Everything about the Silver Anniversary celebration and the media events surrounding it showed how deeply Playboy was entrenched in the mainstream. The Great Playmate Hunt that stretched out for months had Playboy representatives traveling to thirty cities, targeting towns with major universities such as Frankfort, Kentucky and San Diego, California and interviewing and photographing nearly four thousand young women.
That search could not have been more of an acceptable, cultural event, covered by the media in news articles such as, “Search for Ideal Nude Finds Many Are Willing” and “Focus on Coeds as Hefner Seeks Silver Centerfold.” In May 1978, the supplement to virtually every Sunday paper, Parade Magazine, featured David Chan, a photographer who’d been working at the magazine for fourteen years at the time, in a write-up simply called “Coed Models.” The Parade article shared the same page as a display for Bilco Basement doors, the watertight kind that open from the backyard so lawn furniture can be easily stored in the winter. The word “coed” kept coming up. College girls that Mr. Chan described as no longer fearful of what their family and friends might say. According to Mr. Chan, these were young women of a generation that “now took nudity in stride.” Parade detailed news of the 25th Anniversary issue that would soon be published with Playboy offering $25,000 to the centerfold model. The Great Playmate Hunt could not have been set out more clearly for all of America.
David Chan was an unassuming presence, nothing flashy in the least, and he and his fellow photographers seemed to blend in everywhere they went. He appeared on the TV show, Evening Magazine, where he talked about the girl-next-door Playboy hoped to find for the Silver Anniversary Playmate.
The search had Playboy splashed across suburban Sunday papers. A feature article from the Chicago Sun Times, and syndicated in places like the Fort Worth Star-Telegram with the title, “In Search of the Perfect Body,” began with the description of a nervous 24-year-old from South Carolina and her audition in the form of a nude photo session with celebrated photographer, Dwight Hooker. The nearly quarter-page graphic accompanying the article was essentially a mockup of a Playboy magazine cover with the outline of a woman wearing only a strategically arranged trench coat and holding a magnifying glass, highlighting the full-throttle search for the 25th Anniversary centerfold. The article being on the first page of the paper’s J-Section would have been readily seen by any ten-year old leafing through the paper to find the comics or TV listings or an item to be clipped for a weekly current events assignment.

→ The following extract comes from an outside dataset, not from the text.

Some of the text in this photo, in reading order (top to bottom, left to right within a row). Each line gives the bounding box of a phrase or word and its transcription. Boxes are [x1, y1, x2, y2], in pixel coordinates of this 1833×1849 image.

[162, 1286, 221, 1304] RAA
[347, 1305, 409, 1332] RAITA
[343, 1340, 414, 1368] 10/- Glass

When the search finally reached an end with Playboy’s selection of Candy Loving as the contest winner and the Silver Anniversary issue released, there were parties in Chicago and Los Angeles. Australia’s oldest newspaper, The Sydney Morning Herald, detailed the celebration in New York, held at “Central Park’s glittering Tavern on the Green.” George Plimpton (Harvard alum, close friend of Robert F. Kennedy, and founder of The Paris Review) served as the master of ceremonies for the night. That lavish and jubilant event made its way into the final pages of Gay Talese’s 1980 best-seller, Thy Neighbor’s Wife, an exploration of sexuality in America post World War II (a book so immensely popular, it was optioned for film rights at $2.5 million, the largest amount ever paid at the time.) All those many threads. Playboy weaving its way through mainstream culture, in good company with those at the very top in the realms of art, literature, politics and journalism. Per the Fort Worth, Star-Telegram, Hugh Hefner received “head-of-state treatment” at another of Playboy’s Silver Anniversary parties, this one hosted at the Washington Press Club. As described on the club’s website: “Through its doors have come presidents, premiers, kings and queens, Cabinet secretaries, senators and House members, movie stars and sports heroes, titans of business and finance — a who’s who of the 20th and 21st centuries…”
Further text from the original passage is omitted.